The third well was located on the East side of the farm house. This was our primary water source. It was a hand-dug well about 20 feet deep and was lined with a circle of stacked rocks about three feet in diameter. This well was also capped with a large stone apron sitting about three feet off the ground with a two-foot hole bored into it. The hole was covered with another large flat rock. When running water and indoor plumbing was installed in the house in the 1950s, a pipe was run down this well and connected to another that went into the cellar to a pump. In the 1940s, Dad built the new milk house over the fourth well. It provided the water for the livestock, but there were issues. In fact, all of them had issues.

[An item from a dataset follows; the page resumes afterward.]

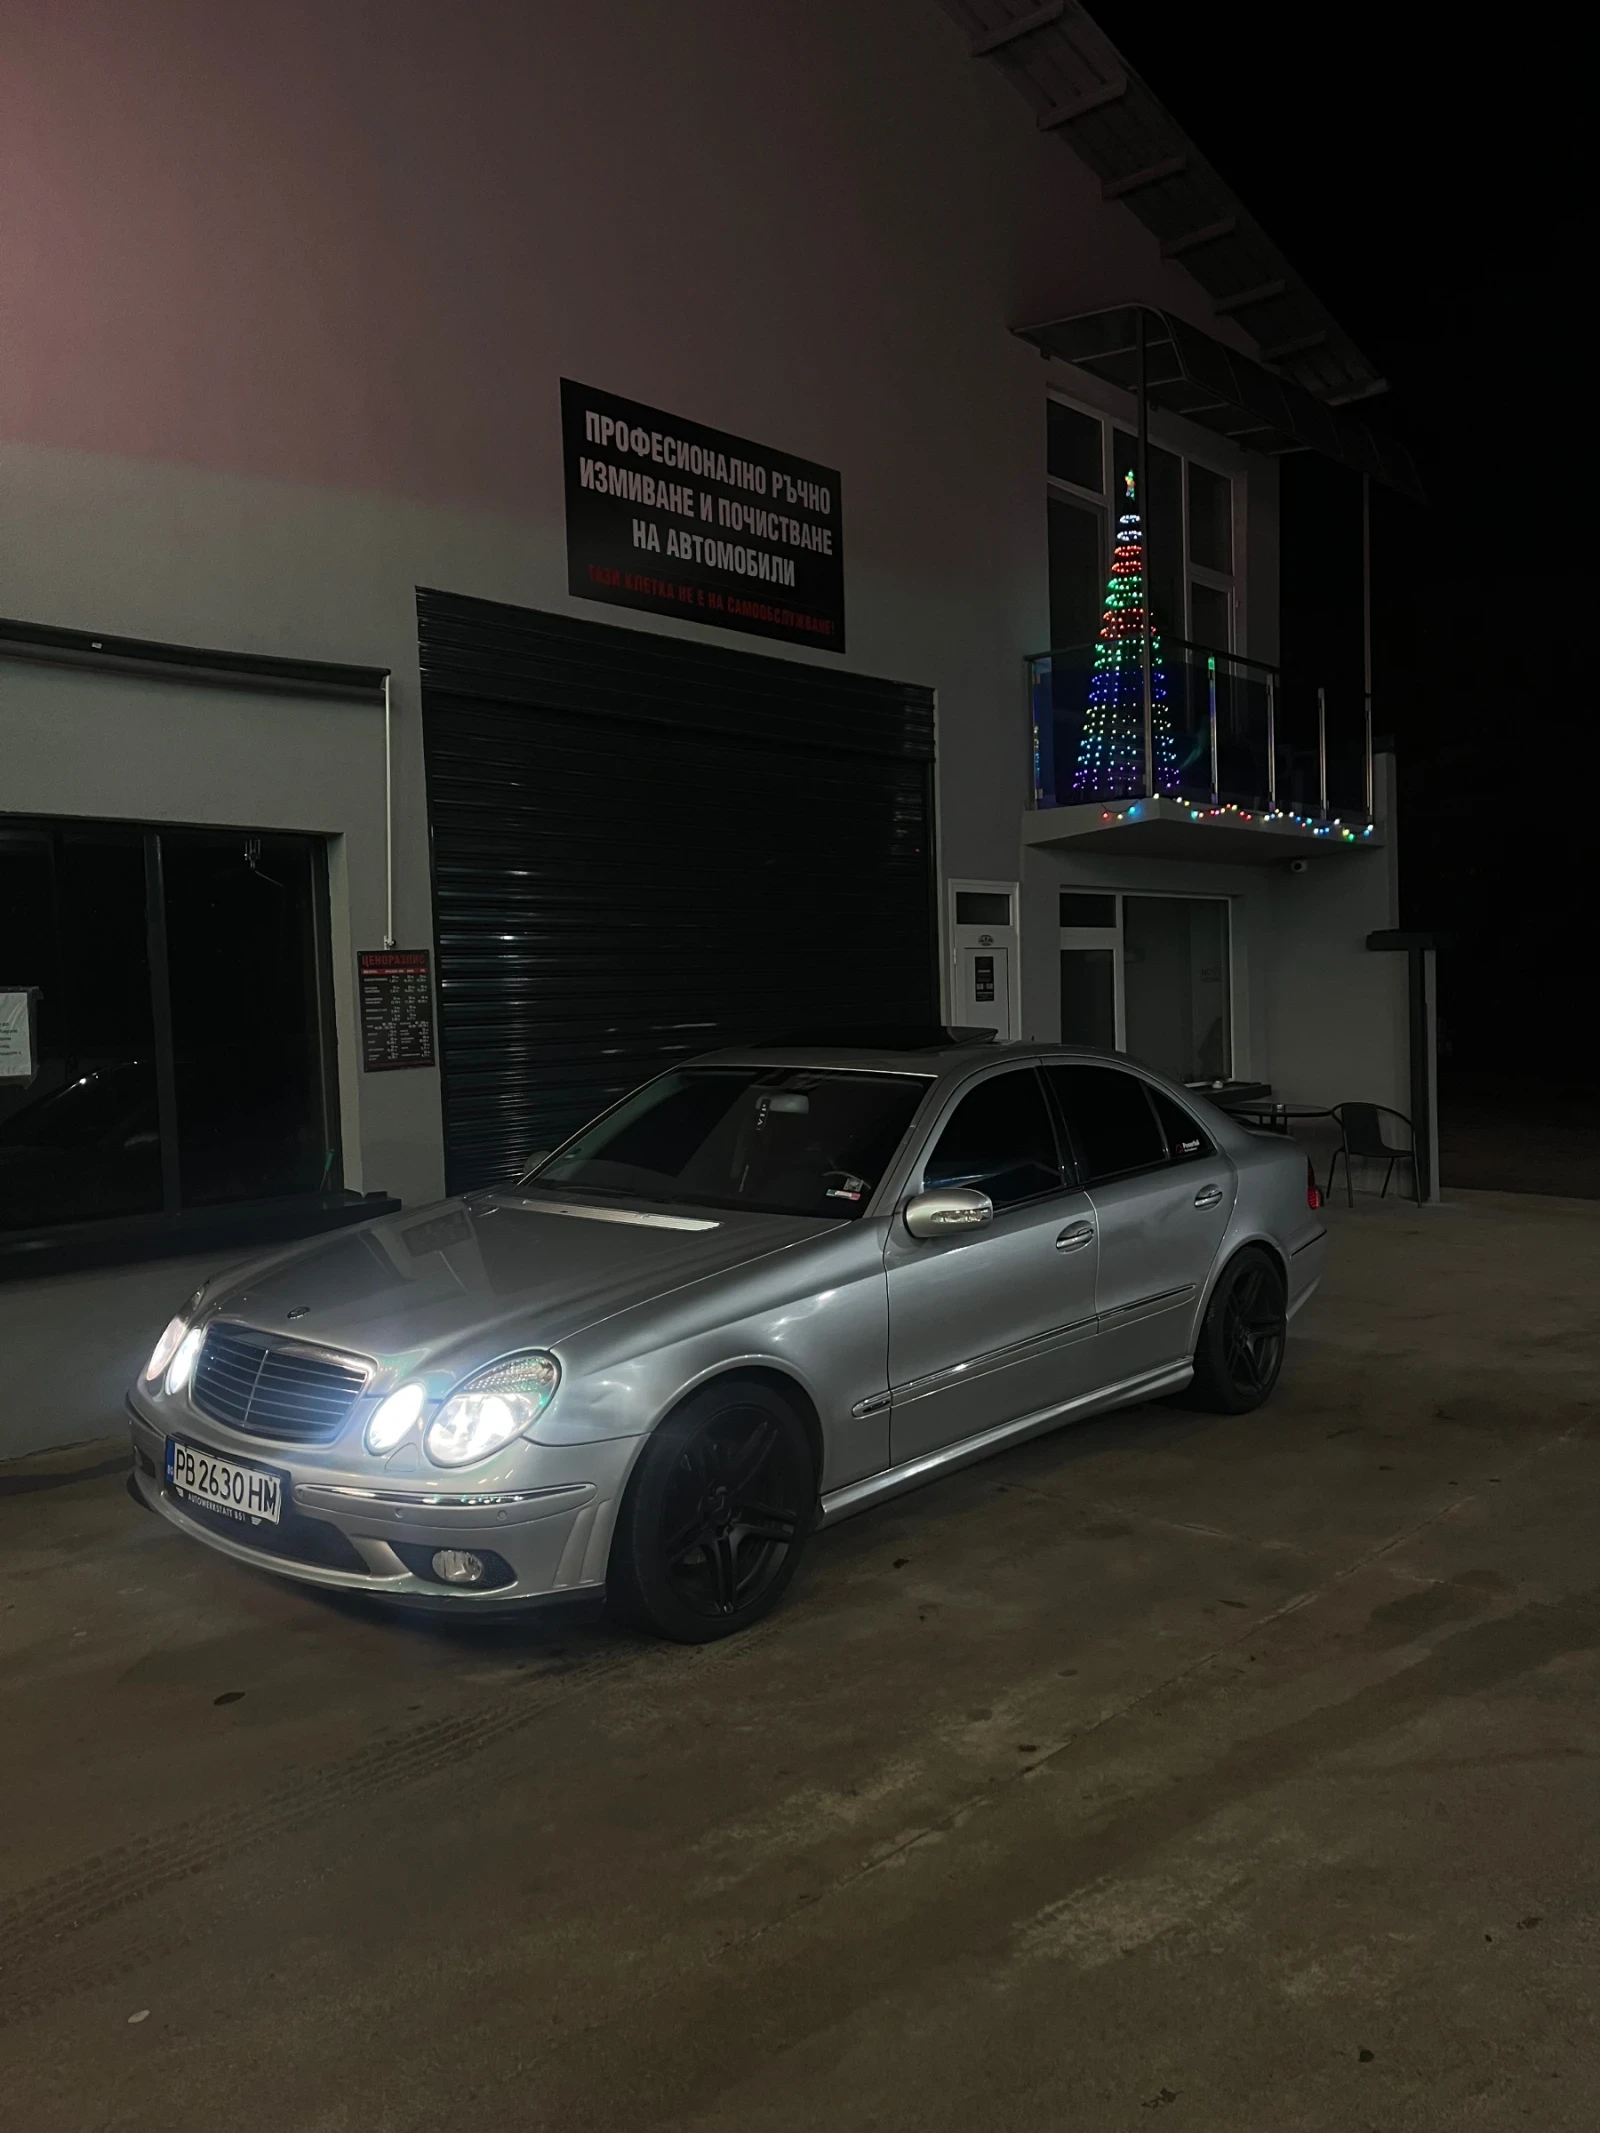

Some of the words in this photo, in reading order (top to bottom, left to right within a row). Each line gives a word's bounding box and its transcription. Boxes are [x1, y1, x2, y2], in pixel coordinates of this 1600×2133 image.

The well in the milk house, which in 1968 became a tack room when we built the horse barn, was pretty shallow. It may or may not pump enough water to fill the 250 gallon (a 500 gallon oil tank cut in half) water trough next to the milk house, the trough we used to water the cattle wintering over in the old barn, and some 25 buckets of water for the horses—twice a day. If the water ran out, it was likely that we would take an axe and two buckets about 150 yards to the pond, chop a hole in the ice and start carrying water. The milk house well had a pump. But in the cold winter months, the pump would freeze up. So we had to take newspapers light them on fire and hold them to the pump for it to thaw out. It was a great day when Dad brought home an old pot belly stove that we could use to keep the pump from freezing and come in out of the cold.
The well at the house also would run dry sometimes. We would have to wait for it to fill back up to finish the dishes or worse, sit in the bath tub waiting for more water. AND, the pipes to the kitchen sink would often freeze because there was no insulation between the cellar and the floor on the inside of the Northwest wall. That would shut down the water for the bathroom, too, since they were on the same line. So we would go to the hand pump and carry water until enough newspapers were burnt to thaw out the pipes. Isaiah 12:3 says, “Therefore with joy you shall draw water out of the wells of salvation.” I often think back on those wells and the struggles with them. I’m thankful that my salvation wasn’t dependent on drawing water from them. Come to think of it, there was a lot of joy when they worked. But Living Water never runs dry.